La segunda forma es el “common believing” o conjunto de “creencias comunes”, es decir, el acervo de valores compartidos. La noción de creencias comunes, durante mucho tiempo ajena a nuestras sociedades, se impuso con fuerza tras la segunda guerra mundial. La adopción en 1945 de la Carta de las Naciones Unidas fue la primera piedra de un edificio de valores y principios comunes que no ha dejado de crecer y afianzarse. Diversas declaraciones y pactos, como la Declaración Universal de Derechos Humanos de 1948, y los pactos internacionales de 1966 relativos a los derechos sociales, económicos y culturales y a los derechos civiles y políticos han venido a complementar la Carta de las Naciones Unidas y han establecido, poco a poco, una plataforma de valores compartidos en todos los rincones del mundo.

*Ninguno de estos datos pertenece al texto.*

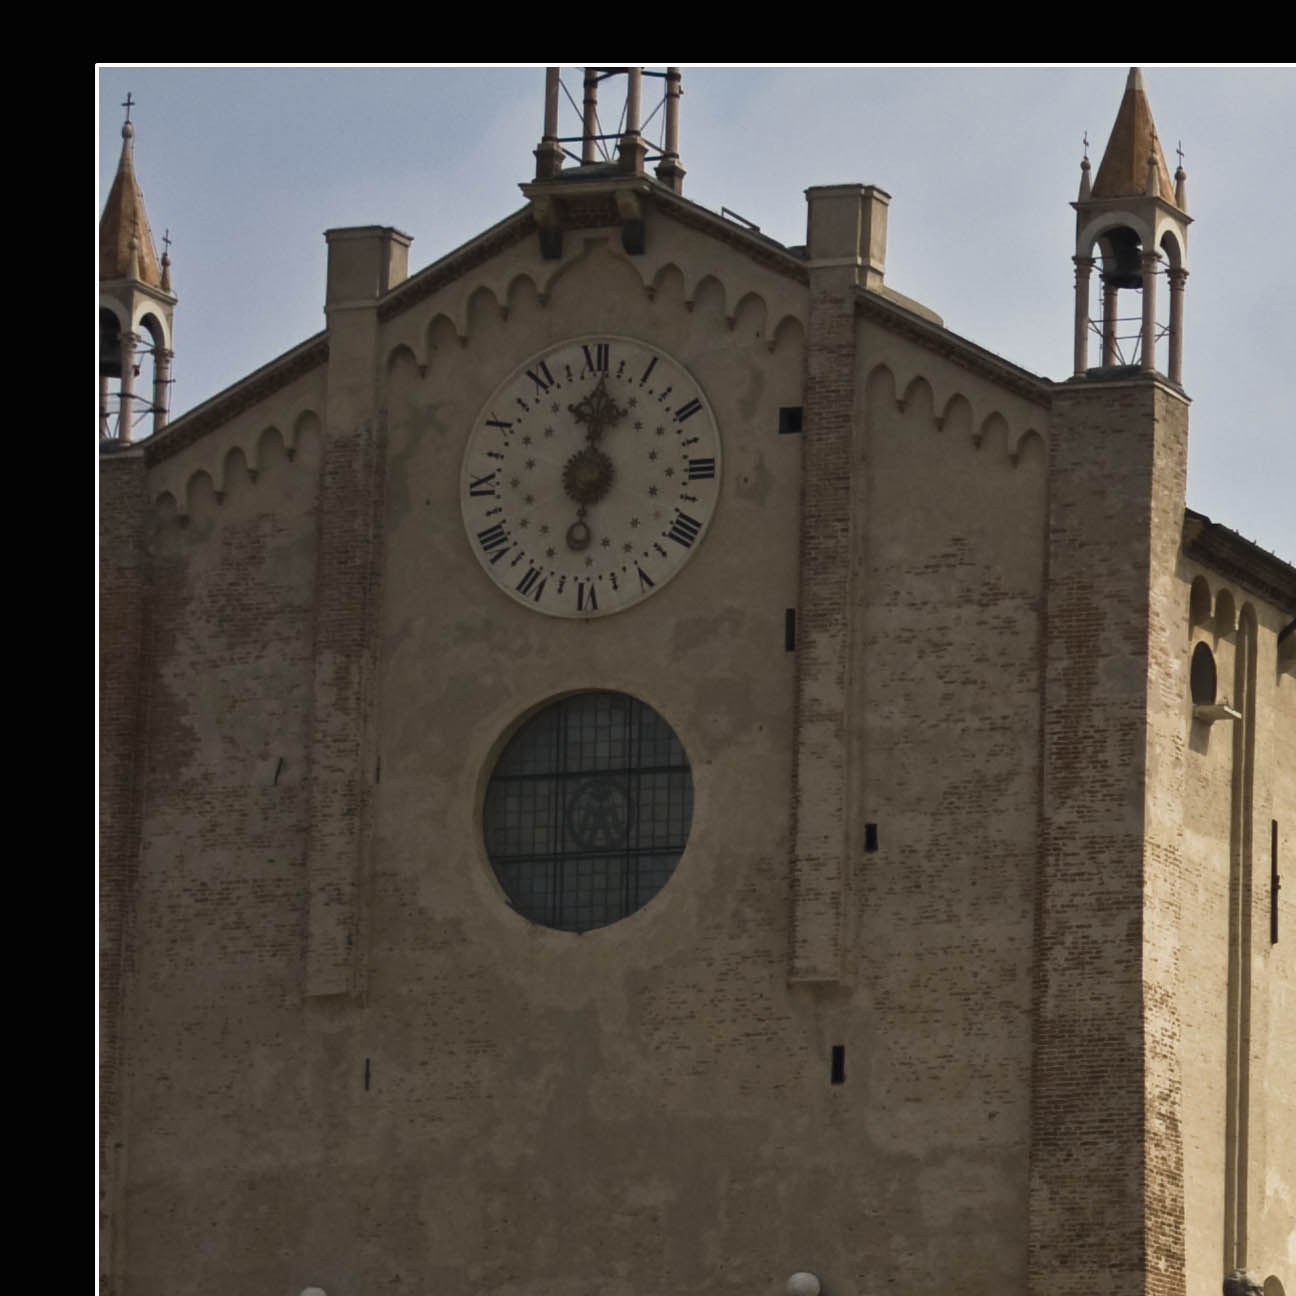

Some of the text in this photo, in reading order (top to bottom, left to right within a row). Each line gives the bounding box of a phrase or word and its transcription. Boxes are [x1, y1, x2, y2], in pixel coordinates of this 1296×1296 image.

[584, 344, 609, 372] XII
[526, 361, 555, 390] XI
[675, 398, 703, 423] II
[688, 458, 715, 480] III
[470, 473, 496, 497] IX
[668, 512, 702, 549] IIII
[637, 567, 655, 593] V
[576, 582, 598, 611] VI

La difusión de los valores de los derechos humanos y los derechos económicos y sociales, en mi opinión inseparables los unos de los otros, constituye indudablemente uno los éxitos más espectaculares de la globalización: esos valores, circunscritos al acabar la guerra mundial al círculo de las élites educadas, se conocen y defienden ahora hasta en las aldeas más remotas. Pero esos instrumentos se concibieron en un momento en el que las redes de la globalización eran menos densas que en la actualidad, y su aplicación sigue siendo imprecisa en muchos aspectos.

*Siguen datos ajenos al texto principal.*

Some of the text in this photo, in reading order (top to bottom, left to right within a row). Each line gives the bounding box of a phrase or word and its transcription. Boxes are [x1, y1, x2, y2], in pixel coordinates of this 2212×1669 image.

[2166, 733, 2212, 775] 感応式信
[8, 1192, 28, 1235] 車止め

A mi modo de ver, convendría introducir ajustes y refuerzos en esa plataforma de valores. Este ha sido también el punto de vista de la Canciller Angela Merkel cuando propuso al Grupo de los 20, en Londres, la redacción de una Carta para una Actividad Económica Sostenible, finalmente adoptada en la reunión del G-20 de Pittsburg. Esa Carta, en la que se enuncian algunos valores que los miembros del G-20 comparten en el ámbito económico, representa un esfuerzo loable por establecer un “nuevo contrato económico mundial” que permita asentar la globalización económica en principios y valores éticos que infundan nuevamente en los ciudadanos la confianza necesaria de que la globalización puede promover el progreso.

No es casualidad que los debates sobre valores como la noción de desarrollo, por ejemplo, ocupen un lugar central en las negociaciones que se llevan actualmente a cabo en la organización que dirijo. Tampoco es casualidad que la cuestión de los derechos humanos se plantee regularmente en la Organización Mundial del Comercio.

Por último, tenemos los “global civics”, la idea de que, en un mundo cada vez más interdependiente en el que las conductas de unos influyen inevitablemente en el bienestar de los otros, sobre todo en la esfera del medio ambiente, cada uno de nosotros tiene una responsabilidad cívica ante los demás. Las reflexiones sobre la forma de promover esa responsabilidad cívica global son aún balbuceantes, pero merecen que se les dedique un mayor esfuerzo.

La segunda forma de tener más presente la cuestión de la identidad a nivel mundial consiste en negociar acuerdos globales específicos que permitan la expresión de las identidades.
Estoy pensando especialmente en la Convención de la UNESCO sobre la diversidad cultural de 2005, de la que Quebec y el Canadá han sido fervientes defensores.

Esa convención es ahora parte integrante del conjunto de normas por las que se rigen las relaciones internacionales. Todos los Miembros de la OMC, a excepción de los Estados Unidos, Australia e Israel, han ratificado la convención y, en consecuencia, están vinculados tanto por las obligaciones contraídas en ese marco como por las normas que han adoptado en la OMC.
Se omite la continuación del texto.